• About this task: Your answer must be the exact lines from the one with "Some of the words" to the end of the data, both included, with no pictures.

Top of Data

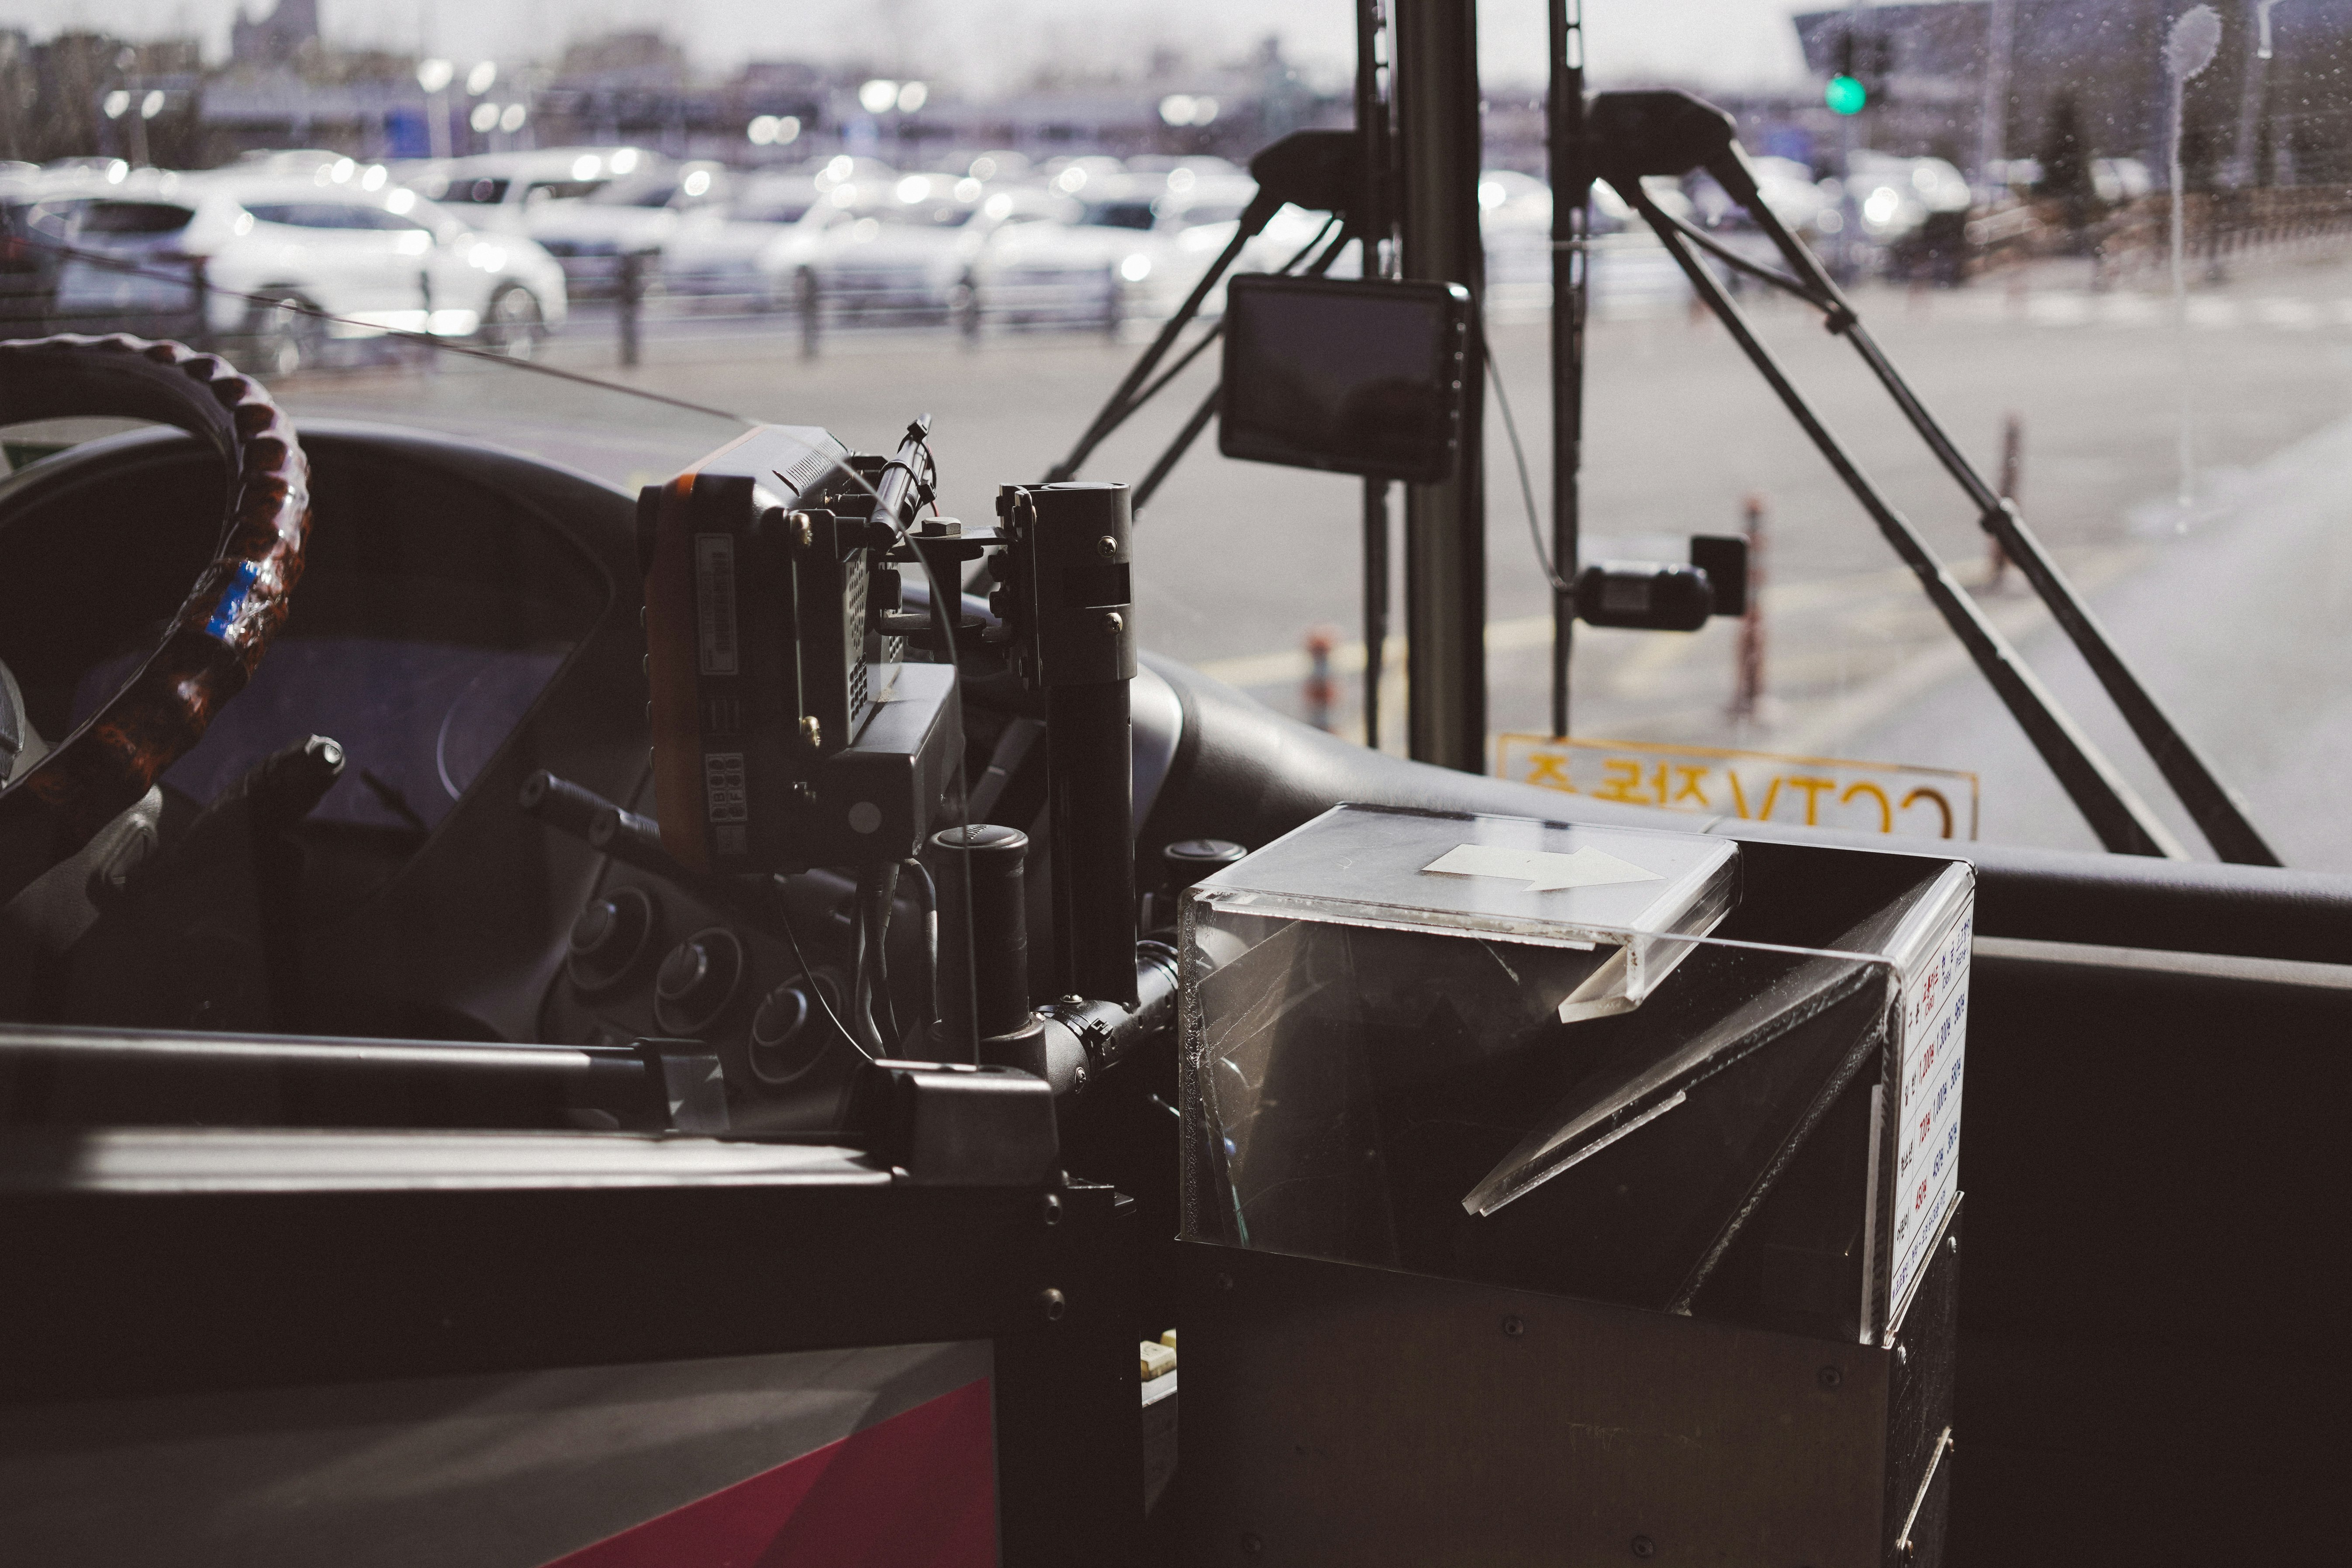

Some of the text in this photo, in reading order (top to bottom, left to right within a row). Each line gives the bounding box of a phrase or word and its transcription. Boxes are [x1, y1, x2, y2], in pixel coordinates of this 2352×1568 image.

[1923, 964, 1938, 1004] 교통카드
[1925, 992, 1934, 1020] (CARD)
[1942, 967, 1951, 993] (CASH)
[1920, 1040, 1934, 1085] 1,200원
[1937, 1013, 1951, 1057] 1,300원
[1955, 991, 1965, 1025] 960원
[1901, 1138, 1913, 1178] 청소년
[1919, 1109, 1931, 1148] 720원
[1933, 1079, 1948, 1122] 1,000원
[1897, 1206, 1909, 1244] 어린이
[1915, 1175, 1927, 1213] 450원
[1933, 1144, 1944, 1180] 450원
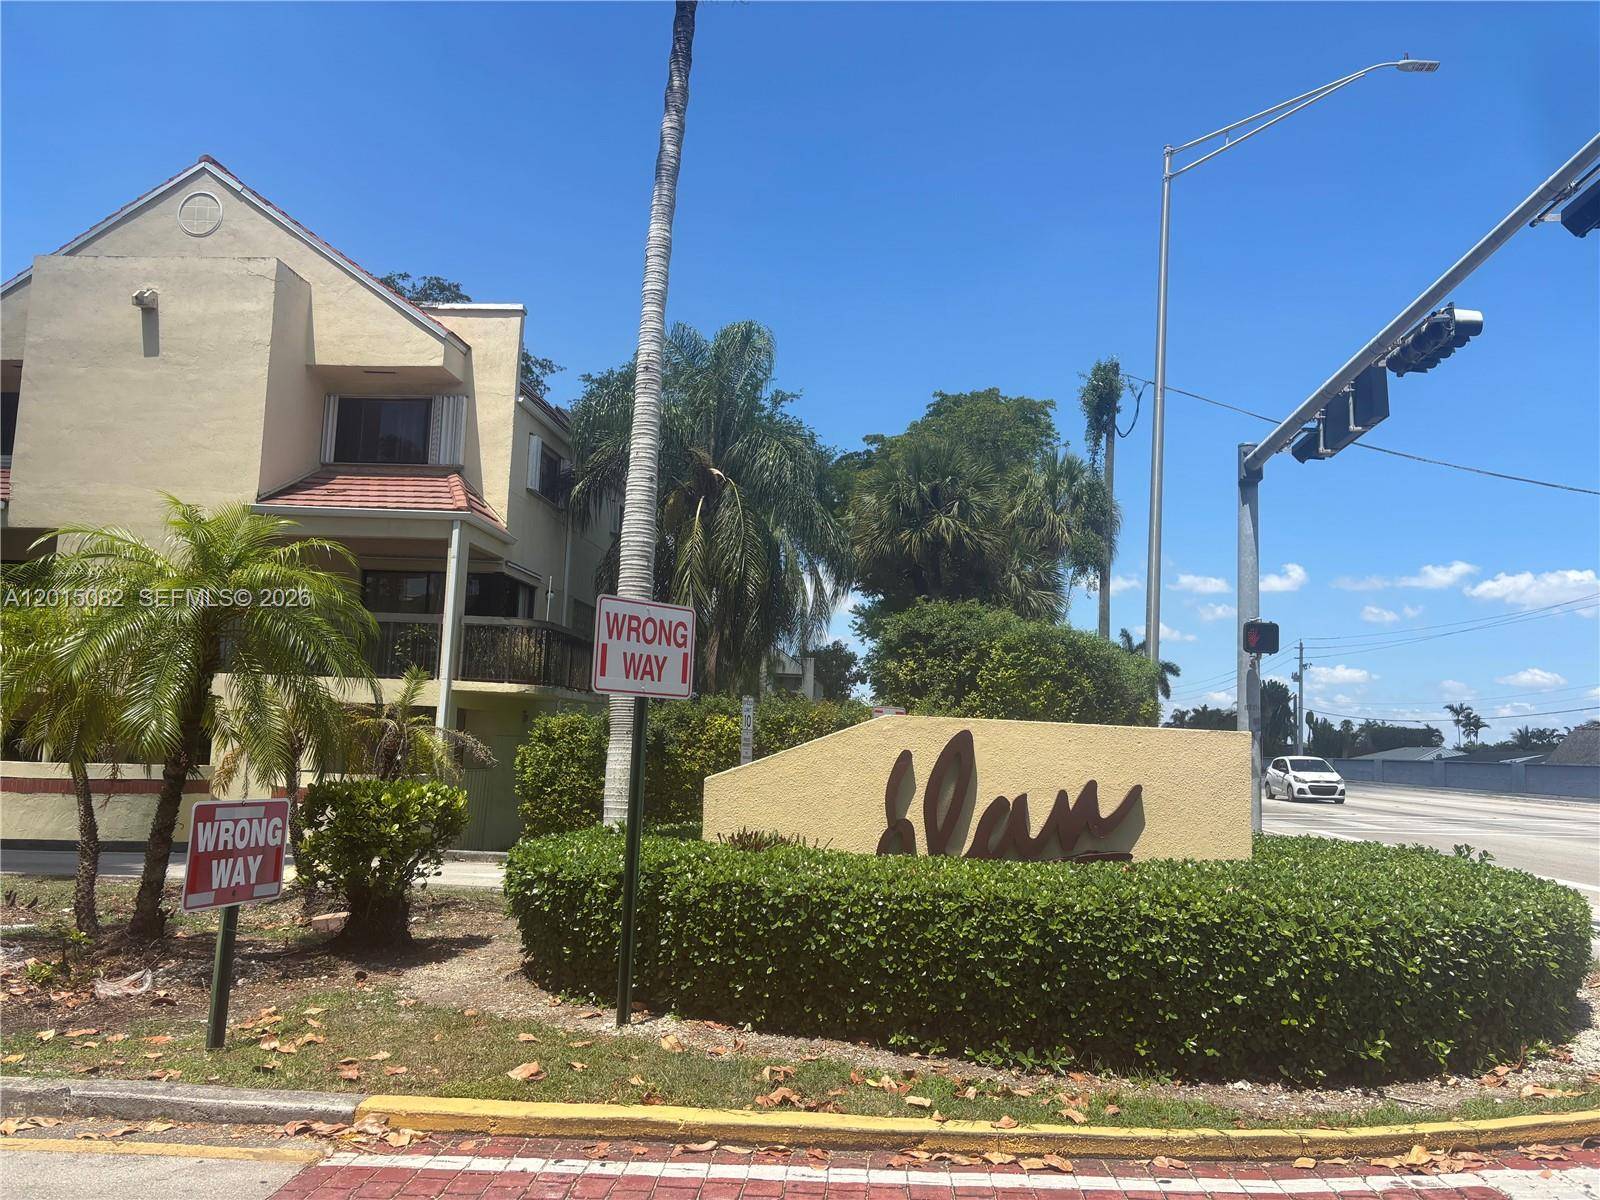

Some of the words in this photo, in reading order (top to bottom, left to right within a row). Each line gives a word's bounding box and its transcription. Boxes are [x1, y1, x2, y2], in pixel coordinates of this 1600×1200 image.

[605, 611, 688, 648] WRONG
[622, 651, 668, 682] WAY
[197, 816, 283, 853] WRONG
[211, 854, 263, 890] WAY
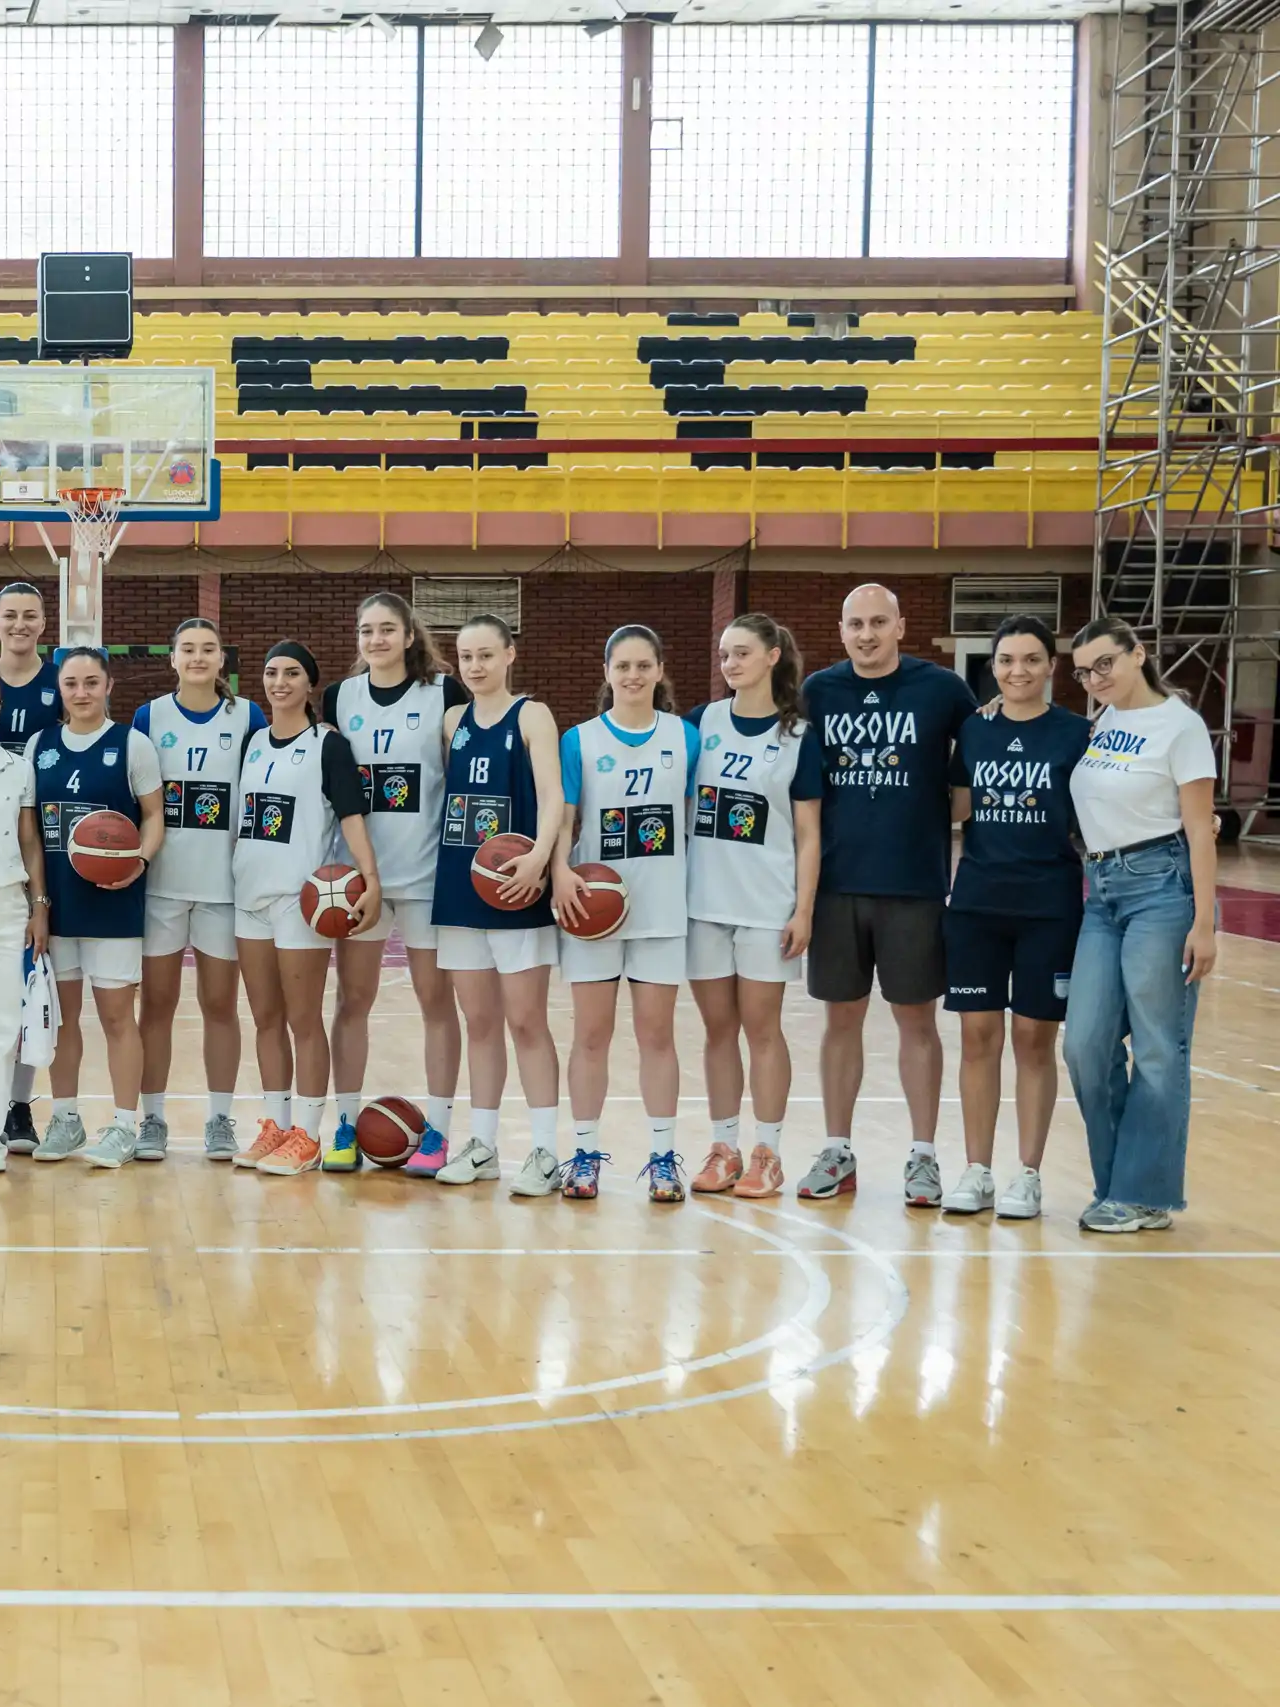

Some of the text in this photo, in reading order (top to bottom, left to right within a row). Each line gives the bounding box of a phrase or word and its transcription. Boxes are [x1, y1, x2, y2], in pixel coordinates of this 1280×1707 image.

Bottom of Data

• Response to the task:
Some of the words in this photo, in reading order (top to bottom, left to right within a row). Each line gives a word's bounding box and its transcription. Boxes are [x1, y1, x2, y2], in pixel coordinates of this 1600×1200 image.

[605, 611, 688, 648] WRONG
[622, 651, 668, 682] WAY
[197, 816, 283, 853] WRONG
[211, 854, 263, 890] WAY

Some of the text in this photo, in reading order (top to bottom, left to right within a row). Each line gives the bounding box of a phrase or word and its transcription. Boxes are [x1, y1, x2, y2], in pixel coordinates of this 1280×1707 image.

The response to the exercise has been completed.